12/14『ヴォルラス地下要塞』(6th)

12/15『シッセイ水門』(3rd) 

12/17『オアリム丘陵』(5th)

12/18『ケアヴェク古墳』(2nd)

12/20『ムルタニ密林』(4th)

12/21『ボガーダン砂漠』(1st)

12/22『ボーラス大灯台』(6th)

12/23『サーボ炭鉱』(3rd)




「この14日のヴォルラス地下要塞でのPKが最初か?」

「私たちが把握している中ではそうです。被害者はクリムゾンフレアのカストロ。ヴォル様から情報提供を受けましたので、間違いないでしょう」

「そうか……」


 14日と言えば、俺たちが9thリージョンに挑んでぼこぼこにされた日だ。どうやらその頃から事件は起きているらしい。最初の被害者はクリムゾンフレアの【朱雀】か……

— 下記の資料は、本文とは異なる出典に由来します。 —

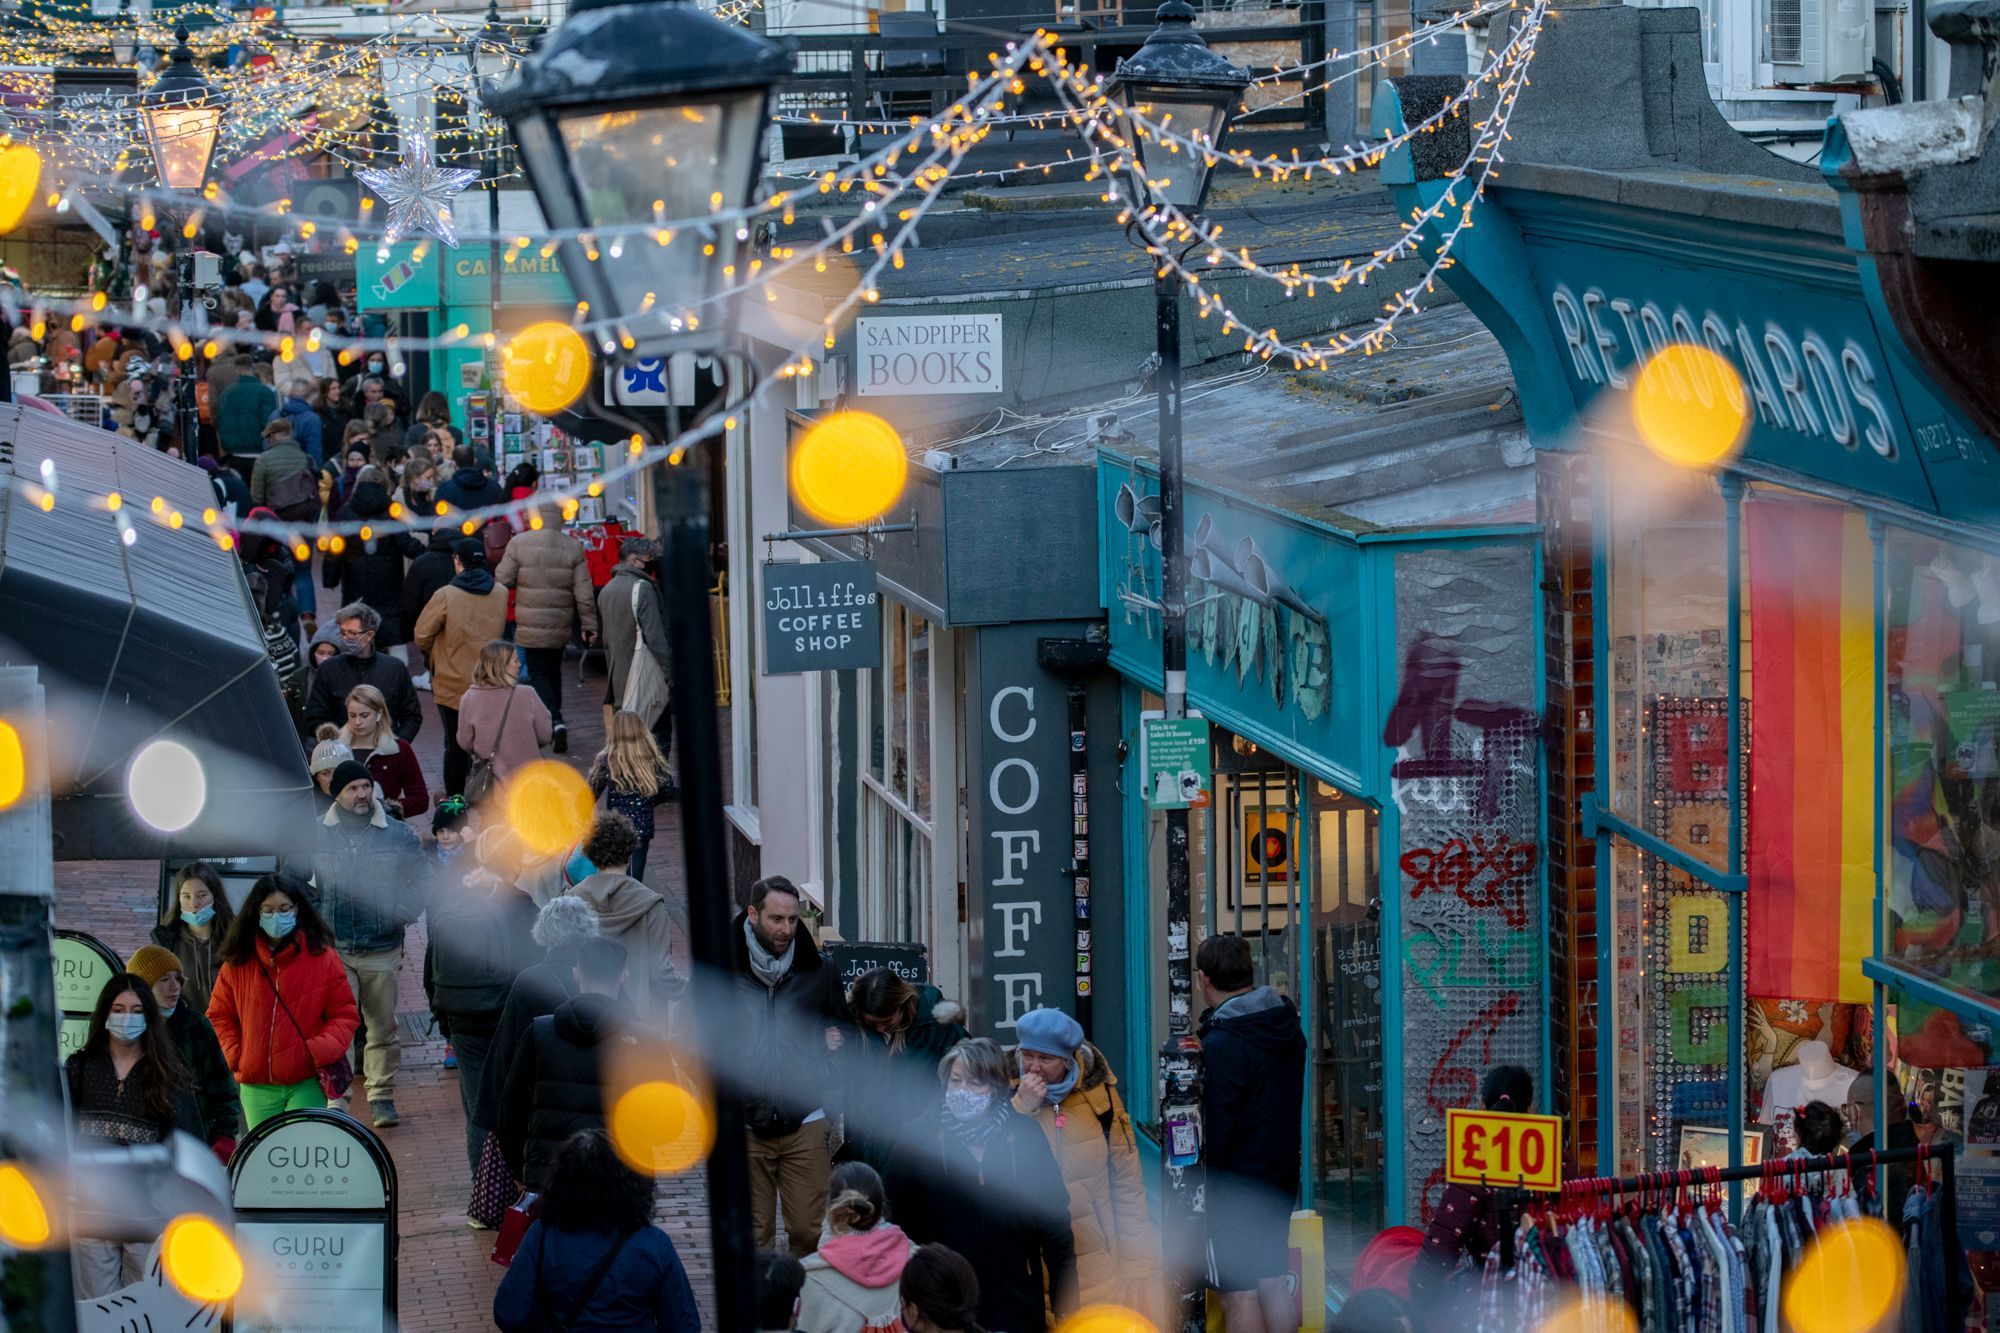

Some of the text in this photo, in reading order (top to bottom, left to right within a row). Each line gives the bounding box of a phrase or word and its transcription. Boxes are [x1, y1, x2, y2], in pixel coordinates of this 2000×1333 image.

 しばらく黙ってパネルを見つめていると、隣でリズが暇そうに言った。


「黒騎士ねー。確かに最近話は聞くよな。私も戦ってみたいけど、どこに行けば戦えるのかわからないってのがな」

「はい。我々も本格的に調べ始めたのは最近です。というのも、サーバー内である噂が広まっていまして」

「噂?」


 リズがきょとんとして聞き返す。そういえば確かに、今回の黒騎士事件に関連して奇妙な噂が流れていた。思わず失笑してしまう、眉唾な噂だ。


「はい。『黒騎士にPKされると、現実世界でも死んでしまう』という噂です」

「なんだそれ、嘘くせー!」

「しかしこの噂、無視できないほどに広まっておりまして」

「ふーん。だからお前ら、というかガルガンが動きだしたのか、なるほどね」


 リズはようやく合点がいったという様子で頷いていた。大規模ギルド・インペリアルブルーのリーダーであるガルガンは、このような不穏な噂を見過ごせない男だ。あいつの号令の下、インペリアルブルーは黒騎士事件を解決するために本腰を入れ始めたのだろう。


「調べてみてわかったのですが、どうやら今までに起こったPK事件の中でも最大の被害者数です。しかも、おそらくは単独行動をするプレイヤーただ1人によってです」

「すげーな。雪月花も真っ青だ」

「先日PKされたガウスの話からも、相当な手練てだれであることは間違いません」

「ふーん。もしかしたらその黒騎士、私より強いかも?」

「いえ、もしそうだとすると、このサーバーでは誰も勝てなくなってしまいます」

「ぎゃはは! そうなるな!」


 リストを眺めながら、二人の会話に聞き耳を立てる。リズの自信満々な態度はいつも通りで突っ込む気にもならないが、確かに黒騎士の正体の方は気になる。

 クリムゾンフレアの上位ランカーをもPKするようなプレイヤーが、そうゴロゴロ居るわけがないから、おそらく名の知られたギルドの戦闘員だろう――これまでは安易にそう考えていた。

 しかしこの被害者リストを見る限り、実はそうでもないのかもしれないな。

 

「とにかく黒騎士の正体を掴もうと、我々はPKK(Player killer kill)に動いているのですが、なかなか所在がつかめなくて困っておりまして……。そこでウドゥン様にご助言をいただきたいのです」

「なるほどね。それでウドゥン、何か分かったか?」

「いや……悪いな」


 俺はパネルを閉じて、小さく首を横に振る。キャスカは表情を変えずに頷いた。


「そうですか。こちらこそ突然のお願い、失礼致しました」

「なんだよウドゥン。【智嚢ウィズダム】ともあろうものがよー」

「まあ、また思いついたら連絡するよ」

「はい。よろしくお願い致します」



 それからしばらくキャスカと雑談した後、彼女は丁寧にお礼を述べて帰っていった。その間キャスカはまったく姿勢を崩さず、だらけた様子で椅子にもたれかかるリズとは対照的な姿を披露し続けていた。

 あいつはリズと真逆の性格をしてるといつも思う。とはいったものの俺としても、堅過ぎてあまり得意ではないタイプではあるが。


「黒騎士事件かー。最近9thリージョンの攻略準備しかしてなかったからあまり興味なかったけど、今のキャスの話を聞いてたら面白そうな気がしてきた」

「興味があるなら、探しに行ってみるか?」

「居場所がわからないんじゃあ、探しようがないだろ」

「いや、居場所なら大体分かってる」


 目の前のパネルに、先程キャスカから転送されたファイルを再び表示させながら、ぼそりと呟いた。リズが驚いた表情で飛び起きる。


「お前、さっき分からないって――」

「分からないとは言っていない。悪いなとは言ったがな」

「それじゃあ」


 表情を明るくするリズの顔の前に、俺は右手の指を2本立ててみせた。


「確率1/2だ。地下と空、どっちがいい?」

「空!」


 リズは迷い無く、弾けるような笑顔で即答した。